My wife Dawn and I will be spending Thanksgiving together this year, which is no different than any other day during this pandemic year, which has seen lockdowns, job loss, weight gain, isolation and lack of social activity in our household.

We won’t be spending time with family this year during the holidays, not that we have any choice. Dawn’s mother passed away several years ago, and her father is living at the Mercy nursing home in Tupper Lake.

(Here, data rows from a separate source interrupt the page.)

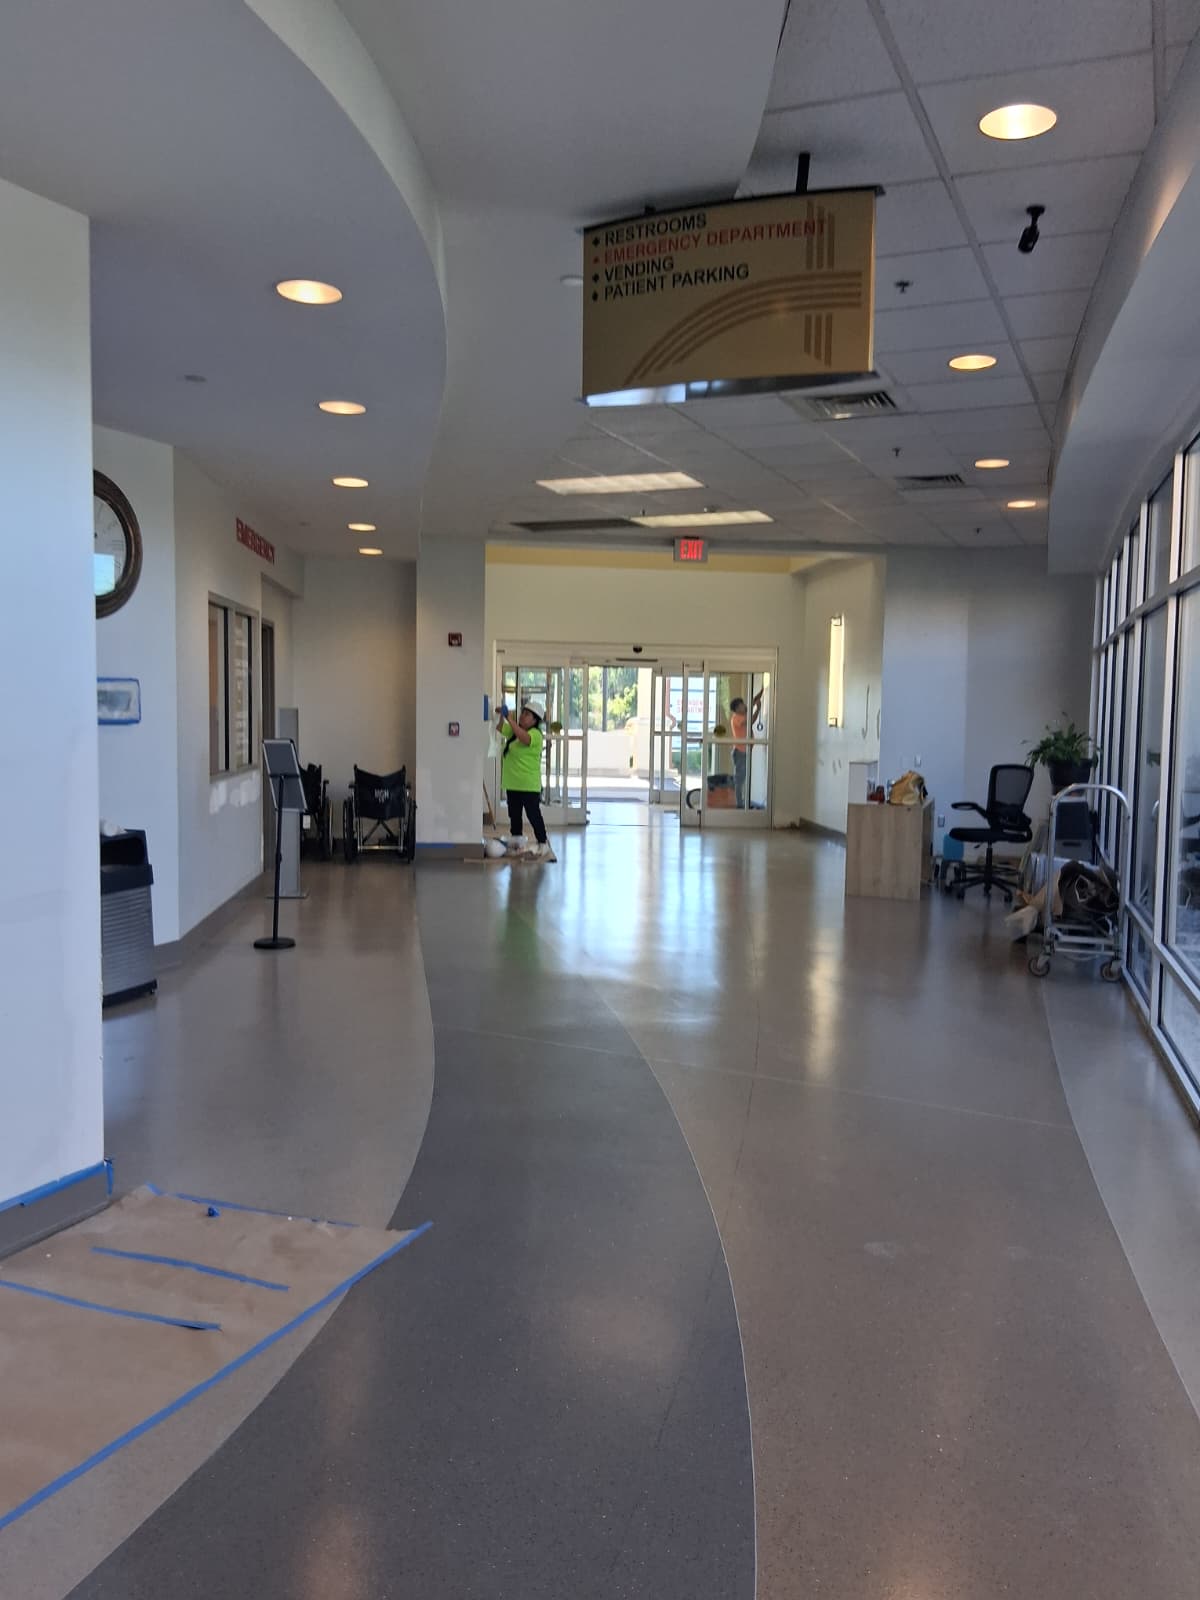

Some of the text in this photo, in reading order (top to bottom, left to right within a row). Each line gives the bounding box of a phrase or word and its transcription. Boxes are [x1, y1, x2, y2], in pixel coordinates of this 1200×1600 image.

[604, 213, 707, 247] RESTROOMS
[604, 218, 826, 264] EMERGENCY DEPARTMENT
[604, 256, 674, 282] VENDING
[604, 263, 750, 301] PATIENT PARKING
[236, 517, 275, 566] EMERGENCY
[680, 540, 704, 560] EXIT
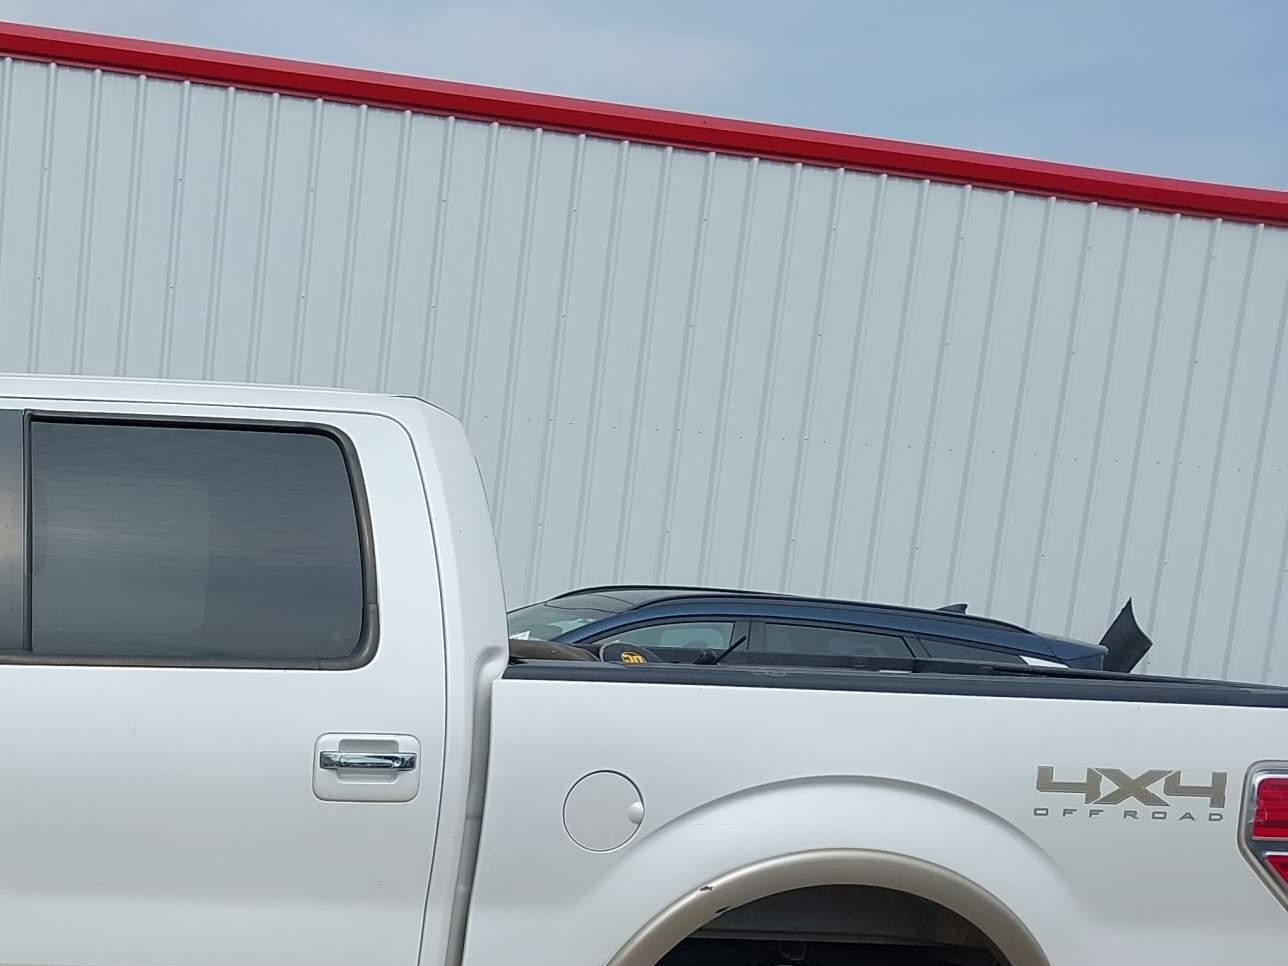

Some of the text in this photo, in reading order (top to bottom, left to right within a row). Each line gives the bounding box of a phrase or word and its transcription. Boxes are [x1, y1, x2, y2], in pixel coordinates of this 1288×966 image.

[1036, 765, 1227, 808] 4X4
[1033, 807, 1224, 822] OFF ROAD

My mother is in lockdown at Saranac Village at Will Rogers, and I’ve opted not to see her through a window talking on a cellphone. I can talk to her on a cellphone at home. I’ve been lucky to see her outside a few times this year when that was allowed — 6 feet apart and no hugs.

In recent years, my mother spent Thanksgiving and Christmas days at our house, spoiling our dogs Minnie and Mickie; Minnie died in October of last year, and Mickie died in October 2016, so there’s not even a set of paws running around the house anymore.

We don’t have children, just each other. Life in a small house during isolation is, well, let’s just say we tend to get on each other’s nerves more often than during non-pandemic years.

I’ve been working from home for the most part since the pandemic began in March. That’s when Dawn lost her job in the mail room at the Adirondack Daily Enterprise and Lake Placid News. And all three of my part-time jobs dried up as COVID-19 spread.

So far we’ve been able to pay the mortgage, but with only one income and a long, expensive winter to heat the house and another surge in the coronavirus without a vaccine, we’re just holding on like many other families in the same situation.

I’m thankful for my job. I’m thankful my wife and I have each other. I’m thankful that our family members are staying healthy and nobody has contracted COVID-19.

My mom and I didn’t cook much together over the years, but several years ago we made pumpkin pies for Thanksgiving. I’m not a big holiday person, but that memory sticks out as a highlight.

I miss those times when my mom spoiled our dogs with food, carefully setting aside turkey on her plate before tossing bits and pieces to the floor. Sometimes I only think she came over for holidays just to see her granddogs.

We’ll be spending a lot more time on the phone this Thanksgiving talking to family members in the Tri-Lakes and across the country. We’ll stay connected, but it’s not the same.

Let’s hope things will change for the better a year from now and we can make pies together again.